= Exercise brief =
Leave the pictures aside and copy all the data exactly.

= Stored data =

□ □ □ □ □ □ □

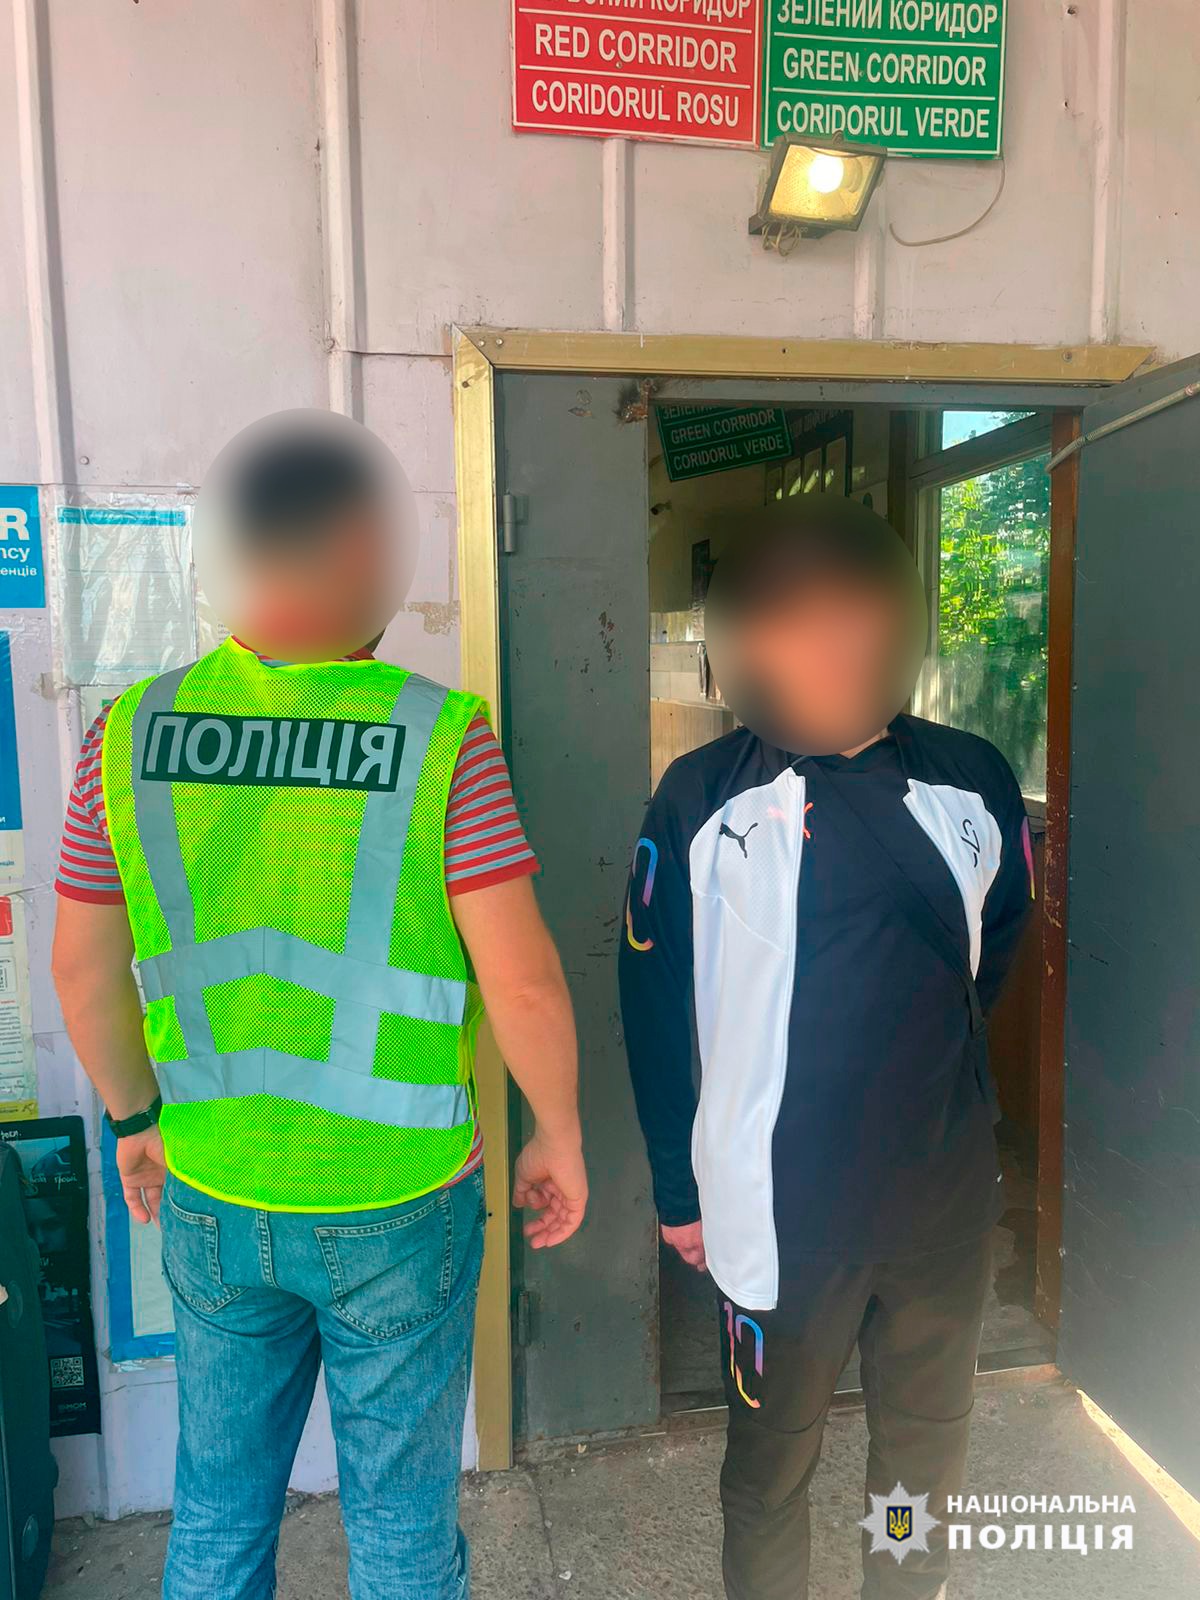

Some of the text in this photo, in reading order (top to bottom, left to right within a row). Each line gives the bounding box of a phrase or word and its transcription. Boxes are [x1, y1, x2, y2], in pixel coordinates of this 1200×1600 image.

[889, 0, 998, 38] КОРИДОР
[535, 23, 737, 73] RED CORRIDOR
[783, 47, 987, 87] GREEN CORRIDOR
[531, 79, 739, 127] CORIDORUL ROSU
[776, 100, 990, 138] CORIDORUL VERDE
[670, 422, 712, 445] GREEN
[712, 408, 777, 436] CORRIDOR
[673, 434, 785, 471] CORIDORUL VERDE
[0, 507, 30, 541] R
[145, 715, 397, 786] ПОЛІЦІЯ
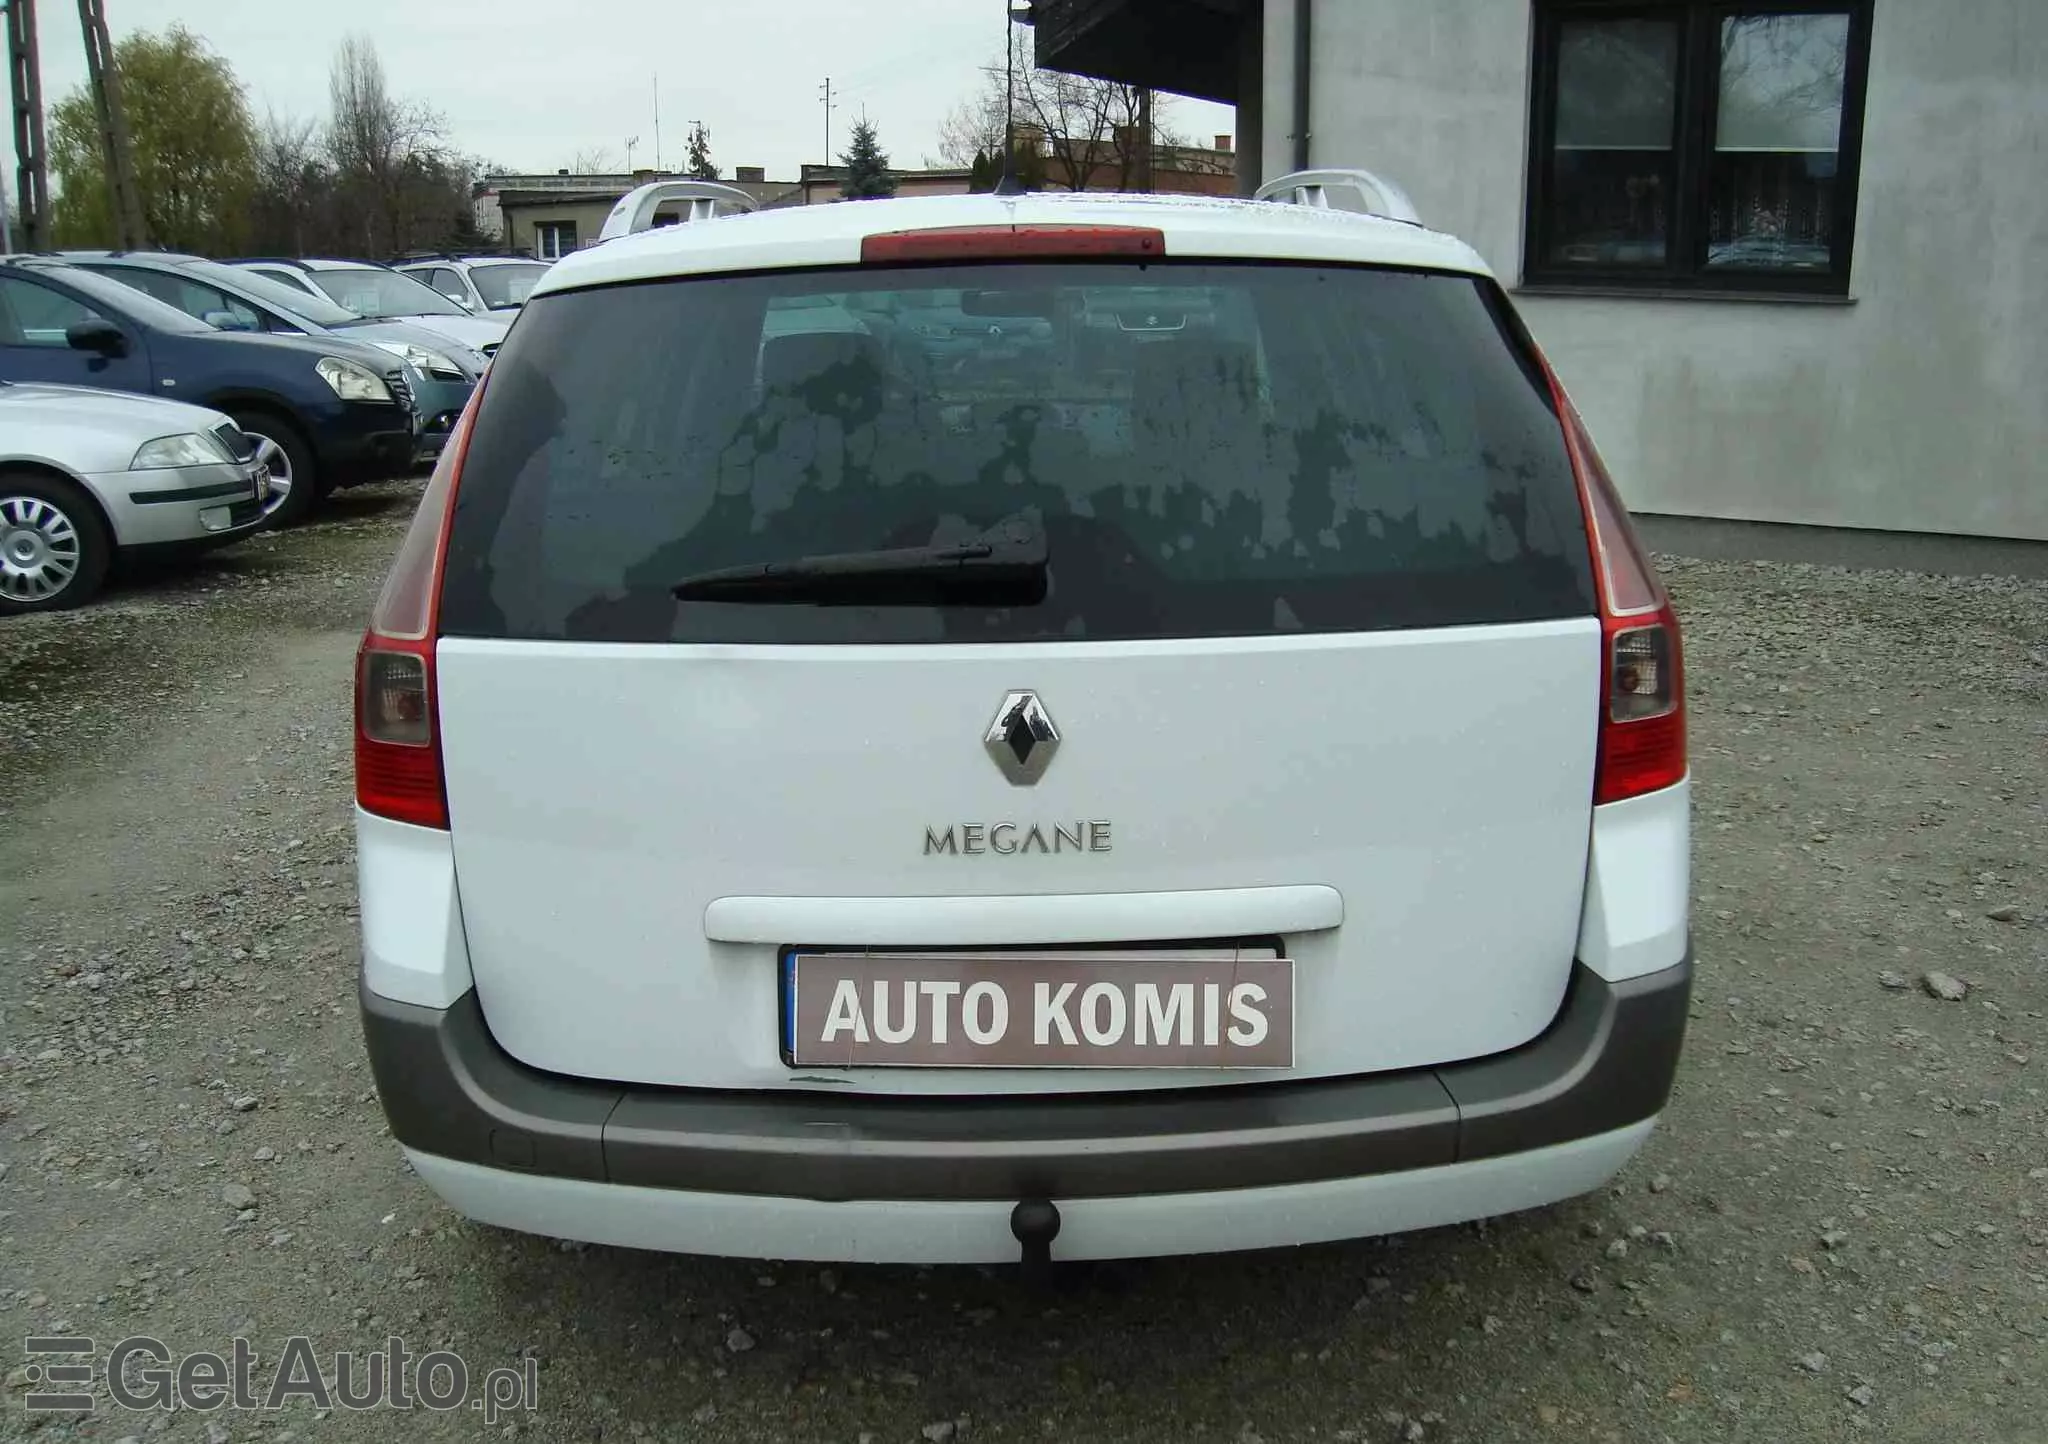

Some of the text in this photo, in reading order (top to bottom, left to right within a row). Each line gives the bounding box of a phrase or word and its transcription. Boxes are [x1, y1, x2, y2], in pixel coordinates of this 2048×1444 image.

[924, 820, 1112, 855] MEGANE
[821, 980, 1269, 1047] AUTO KOMIS
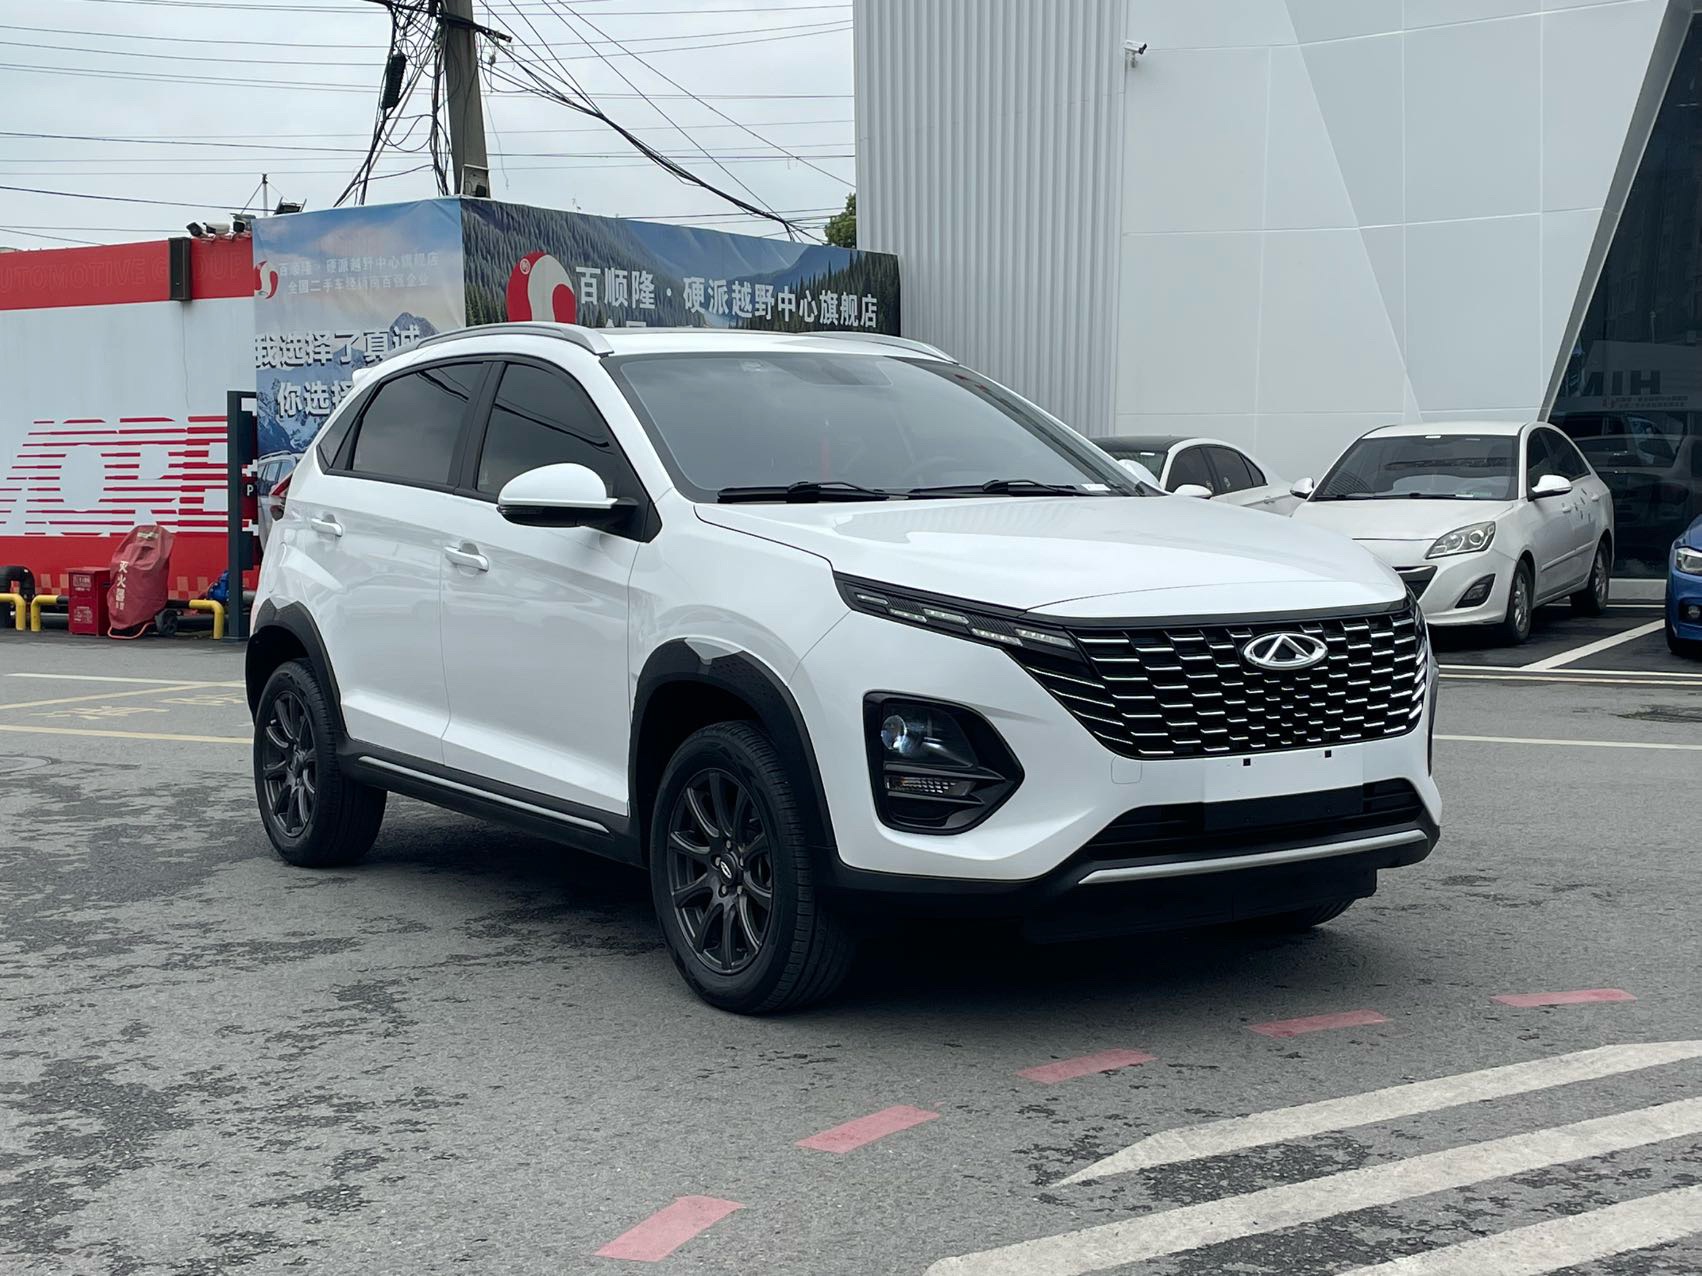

□ □ □ □ □ □ □

= Solution below =
Some of the text in this photo, in reading order (top to bottom, left to right within a row). Each line gives the bounding box of a phrase or word and its transcription. Boxes are [x1, y1, x2, y2], in pixel coordinates of this 1200×1600 image.

[889, 0, 998, 38] КОРИДОР
[535, 23, 737, 73] RED CORRIDOR
[783, 47, 987, 87] GREEN CORRIDOR
[531, 79, 739, 127] CORIDORUL ROSU
[776, 100, 990, 138] CORIDORUL VERDE
[670, 422, 712, 445] GREEN
[712, 408, 777, 436] CORRIDOR
[673, 434, 785, 471] CORIDORUL VERDE
[0, 507, 30, 541] R
[145, 715, 397, 786] ПОЛІЦІЯ

Some of the text in this photo, in reading order (top to bottom, left to right within a row). Each line gives the bounding box of a phrase or word and its transcription. Boxes are [x1, y1, x2, y2], in pixel coordinates of this 2048×1444 image.

[924, 820, 1112, 855] MEGANE
[821, 980, 1269, 1047] AUTO KOMIS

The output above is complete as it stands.